[Stored data entries]
-- Opening Marker --

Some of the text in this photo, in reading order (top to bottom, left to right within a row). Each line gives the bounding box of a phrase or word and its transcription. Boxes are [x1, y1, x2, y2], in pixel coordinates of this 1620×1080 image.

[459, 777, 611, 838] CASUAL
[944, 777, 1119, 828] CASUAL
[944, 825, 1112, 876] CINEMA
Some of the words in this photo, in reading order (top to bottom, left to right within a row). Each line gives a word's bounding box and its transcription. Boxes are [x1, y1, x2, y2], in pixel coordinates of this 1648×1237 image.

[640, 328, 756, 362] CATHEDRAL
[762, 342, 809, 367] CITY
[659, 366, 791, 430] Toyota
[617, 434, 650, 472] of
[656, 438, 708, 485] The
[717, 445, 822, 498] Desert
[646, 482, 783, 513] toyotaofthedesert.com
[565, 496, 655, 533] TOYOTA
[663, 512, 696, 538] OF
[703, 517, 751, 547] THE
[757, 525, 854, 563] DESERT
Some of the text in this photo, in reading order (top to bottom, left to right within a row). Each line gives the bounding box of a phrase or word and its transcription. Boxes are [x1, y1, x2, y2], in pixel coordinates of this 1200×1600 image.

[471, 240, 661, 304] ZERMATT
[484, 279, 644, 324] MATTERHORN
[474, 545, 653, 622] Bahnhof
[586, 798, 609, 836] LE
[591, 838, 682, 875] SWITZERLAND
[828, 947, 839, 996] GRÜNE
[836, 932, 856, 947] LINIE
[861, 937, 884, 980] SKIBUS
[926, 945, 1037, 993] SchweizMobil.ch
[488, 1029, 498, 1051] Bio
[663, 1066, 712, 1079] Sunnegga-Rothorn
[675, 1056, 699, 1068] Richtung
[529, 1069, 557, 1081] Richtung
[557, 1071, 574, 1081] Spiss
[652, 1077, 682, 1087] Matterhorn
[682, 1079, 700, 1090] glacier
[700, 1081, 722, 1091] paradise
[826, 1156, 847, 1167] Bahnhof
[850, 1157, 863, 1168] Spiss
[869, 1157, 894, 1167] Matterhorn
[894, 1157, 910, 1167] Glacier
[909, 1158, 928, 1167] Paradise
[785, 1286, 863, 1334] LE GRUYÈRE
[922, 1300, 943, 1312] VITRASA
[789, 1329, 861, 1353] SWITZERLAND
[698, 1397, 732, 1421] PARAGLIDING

-- Closing Marker --

◆ **ASSIGNED TASK**: Reproduce the preceding records exactly and completely.

◆ **PROBLEM SOLUTION**:
Some of the text in this photo, in reading order (top to bottom, left to right within a row). Each line gives the bounding box of a phrase or word and its transcription. Boxes are [x1, y1, x2, y2], in pixel coordinates of this 1620×1080 image.

[459, 777, 611, 838] CASUAL
[944, 777, 1119, 828] CASUAL
[944, 825, 1112, 876] CINEMA
Some of the words in this photo, in reading order (top to bottom, left to right within a row). Each line gives a word's bounding box and its transcription. Boxes are [x1, y1, x2, y2], in pixel coordinates of this 1648×1237 image.

[640, 328, 756, 362] CATHEDRAL
[762, 342, 809, 367] CITY
[659, 366, 791, 430] Toyota
[617, 434, 650, 472] of
[656, 438, 708, 485] The
[717, 445, 822, 498] Desert
[646, 482, 783, 513] toyotaofthedesert.com
[565, 496, 655, 533] TOYOTA
[663, 512, 696, 538] OF
[703, 517, 751, 547] THE
[757, 525, 854, 563] DESERT
Some of the text in this photo, in reading order (top to bottom, left to right within a row). Each line gives the bounding box of a phrase or word and its transcription. Boxes are [x1, y1, x2, y2], in pixel coordinates of this 1200×1600 image.

[471, 240, 661, 304] ZERMATT
[484, 279, 644, 324] MATTERHORN
[474, 545, 653, 622] Bahnhof
[586, 798, 609, 836] LE
[591, 838, 682, 875] SWITZERLAND
[828, 947, 839, 996] GRÜNE
[836, 932, 856, 947] LINIE
[861, 937, 884, 980] SKIBUS
[926, 945, 1037, 993] SchweizMobil.ch
[488, 1029, 498, 1051] Bio
[663, 1066, 712, 1079] Sunnegga-Rothorn
[675, 1056, 699, 1068] Richtung
[529, 1069, 557, 1081] Richtung
[557, 1071, 574, 1081] Spiss
[652, 1077, 682, 1087] Matterhorn
[682, 1079, 700, 1090] glacier
[700, 1081, 722, 1091] paradise
[826, 1156, 847, 1167] Bahnhof
[850, 1157, 863, 1168] Spiss
[869, 1157, 894, 1167] Matterhorn
[894, 1157, 910, 1167] Glacier
[909, 1158, 928, 1167] Paradise
[785, 1286, 863, 1334] LE GRUYÈRE
[922, 1300, 943, 1312] VITRASA
[789, 1329, 861, 1353] SWITZERLAND
[698, 1397, 732, 1421] PARAGLIDING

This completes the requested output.